Segment Open

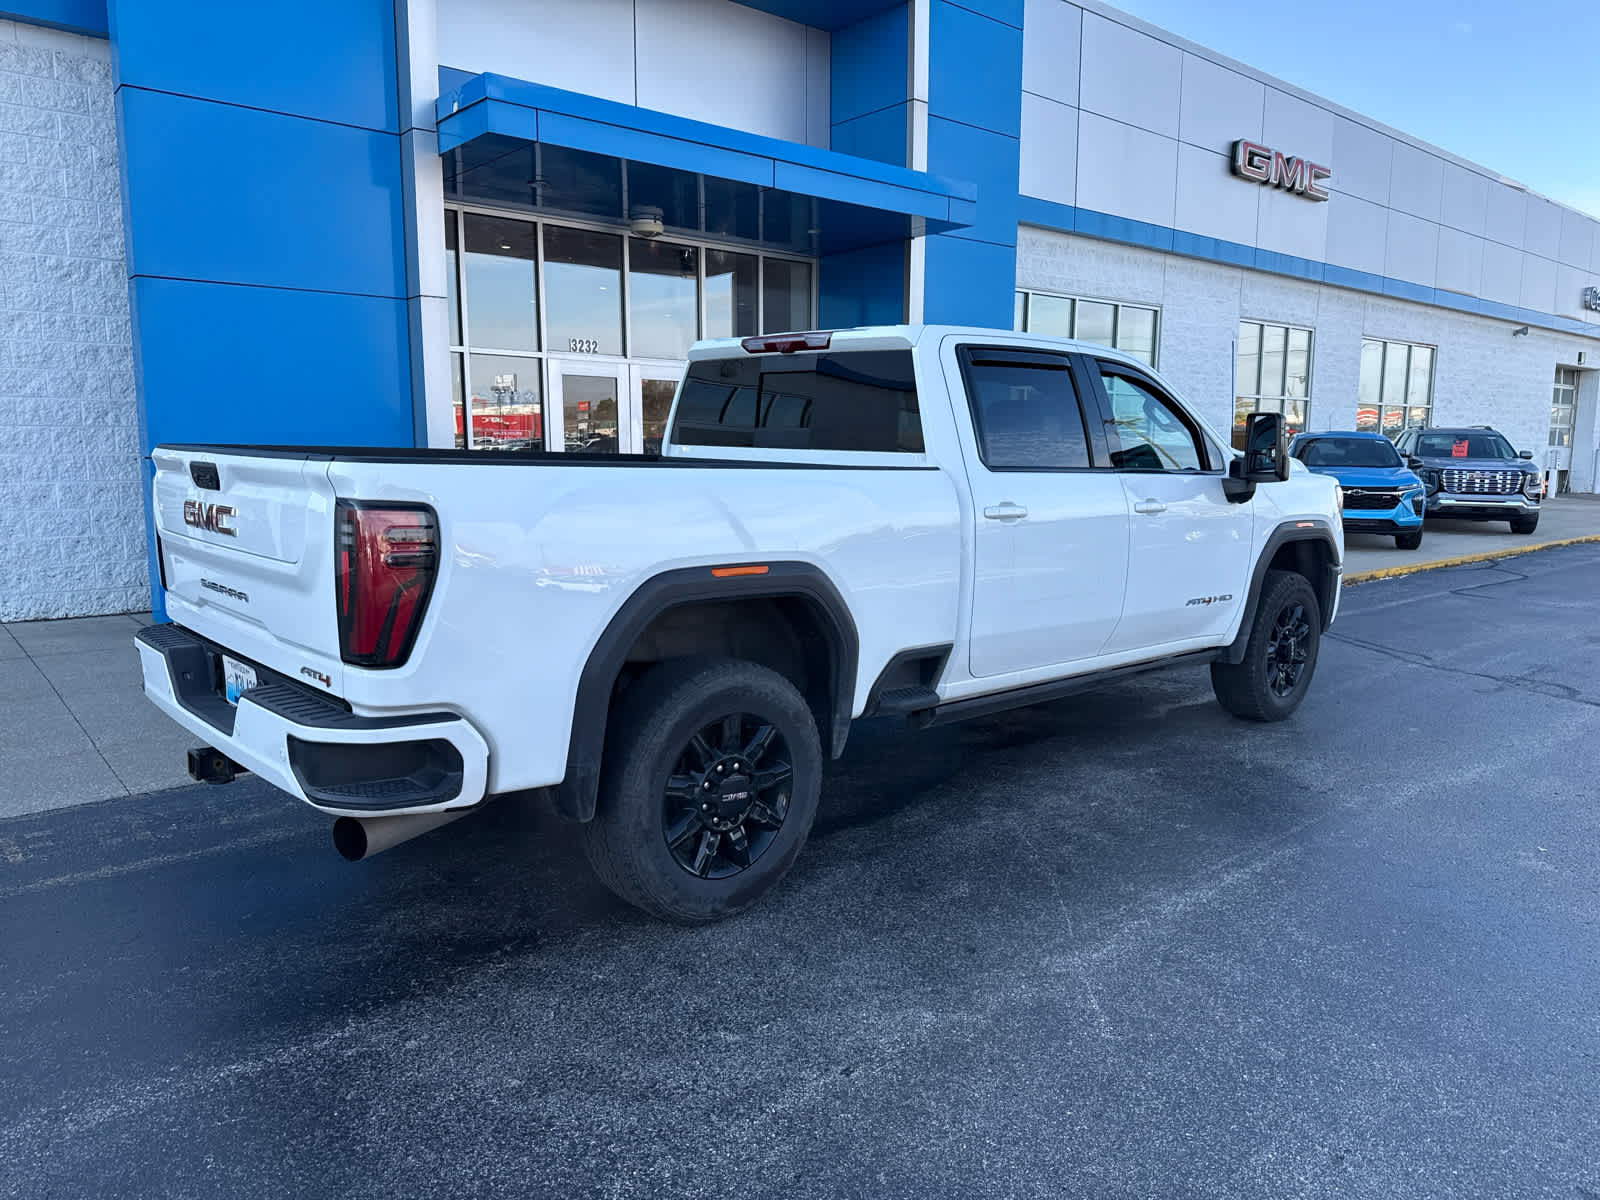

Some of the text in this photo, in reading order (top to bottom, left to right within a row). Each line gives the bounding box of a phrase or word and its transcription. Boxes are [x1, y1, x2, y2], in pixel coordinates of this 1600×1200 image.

[1232, 139, 1331, 201] GMC
[184, 500, 238, 536] GMC
[200, 578, 249, 603] SIERRA
[300, 666, 332, 688] AT4
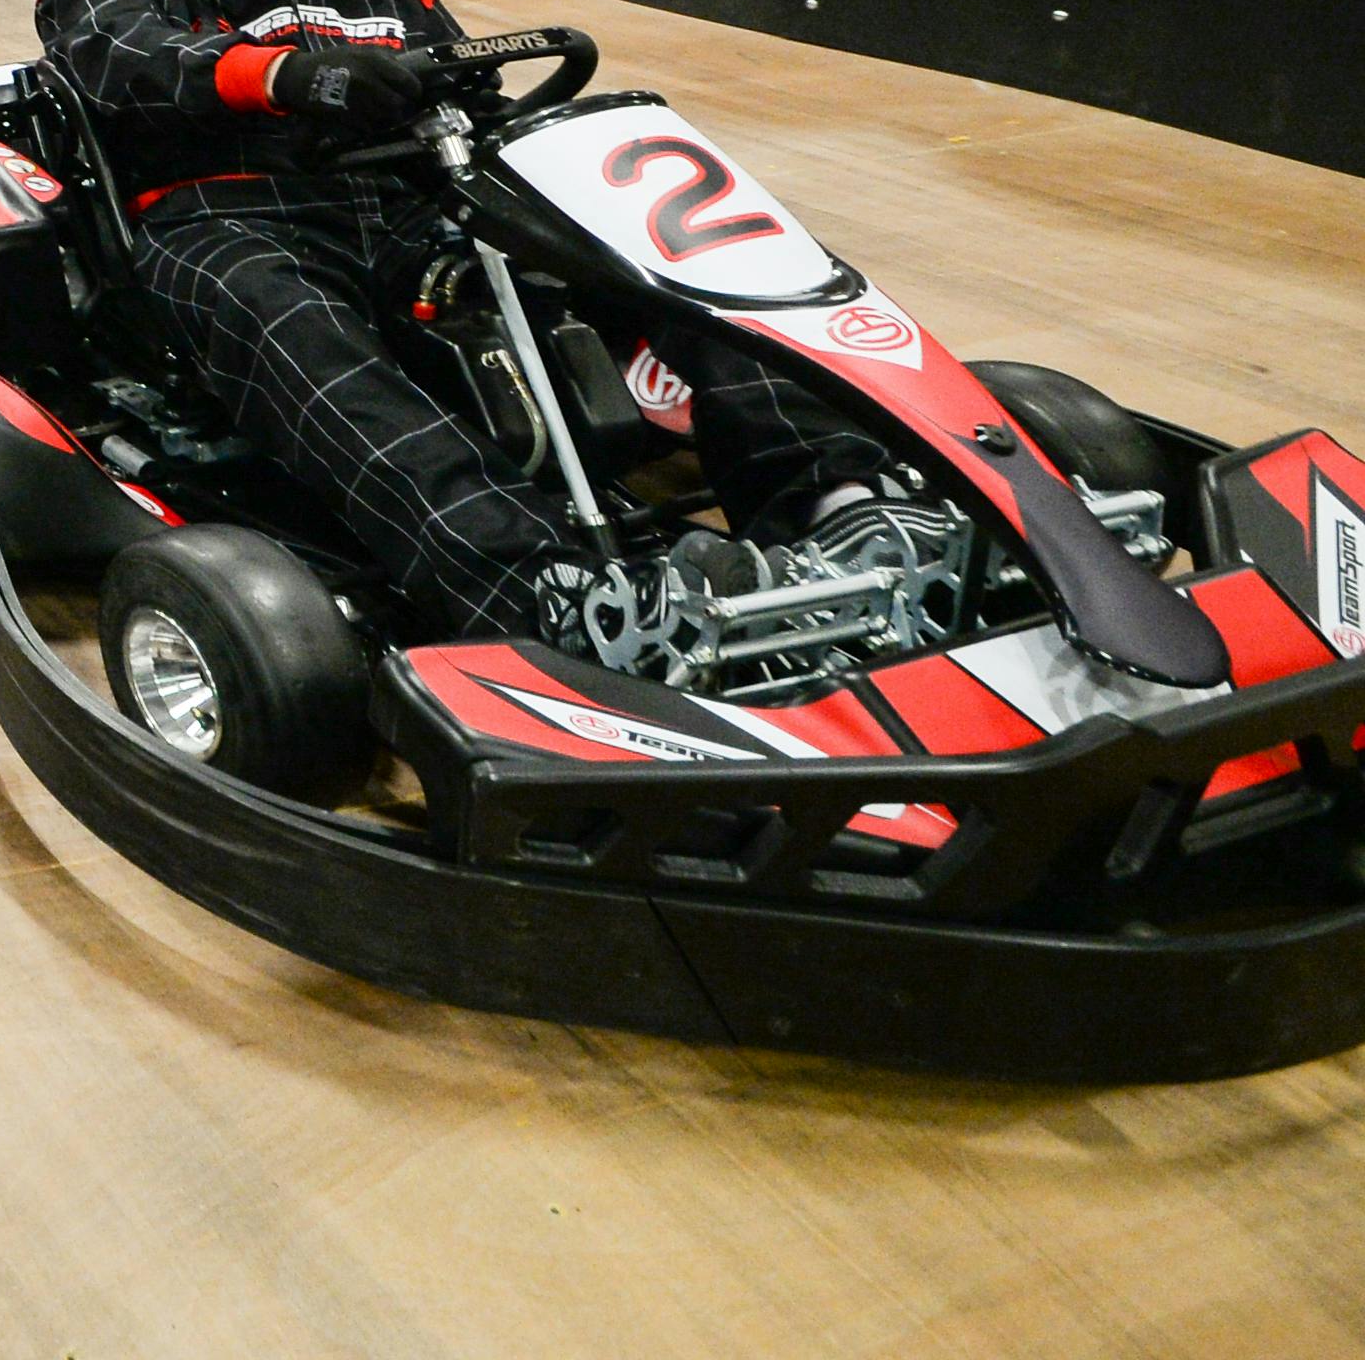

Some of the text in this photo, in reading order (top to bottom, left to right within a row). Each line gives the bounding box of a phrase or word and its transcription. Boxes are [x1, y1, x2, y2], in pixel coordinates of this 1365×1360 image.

Segment Closed

[Exercise goal] Write down all the entries exactly, but not the pictures they hold.

[Answer to this task]
Some of the text in this photo, in reading order (top to bottom, left to right within a row). Each line gives the bounding box of a phrase or word and its transcription. Boxes are [x1, y1, x2, y2], in pixel coordinates of this 1600×1200 image.

[1232, 139, 1331, 201] GMC
[184, 500, 238, 536] GMC
[200, 578, 249, 603] SIERRA
[300, 666, 332, 688] AT4

Some of the text in this photo, in reading order (top to bottom, left to right within a row). Each line gives the bounding box of a phrase or word and its transcription. Boxes are [x1, y1, x2, y2], in pixel coordinates of this 1365×1360 image.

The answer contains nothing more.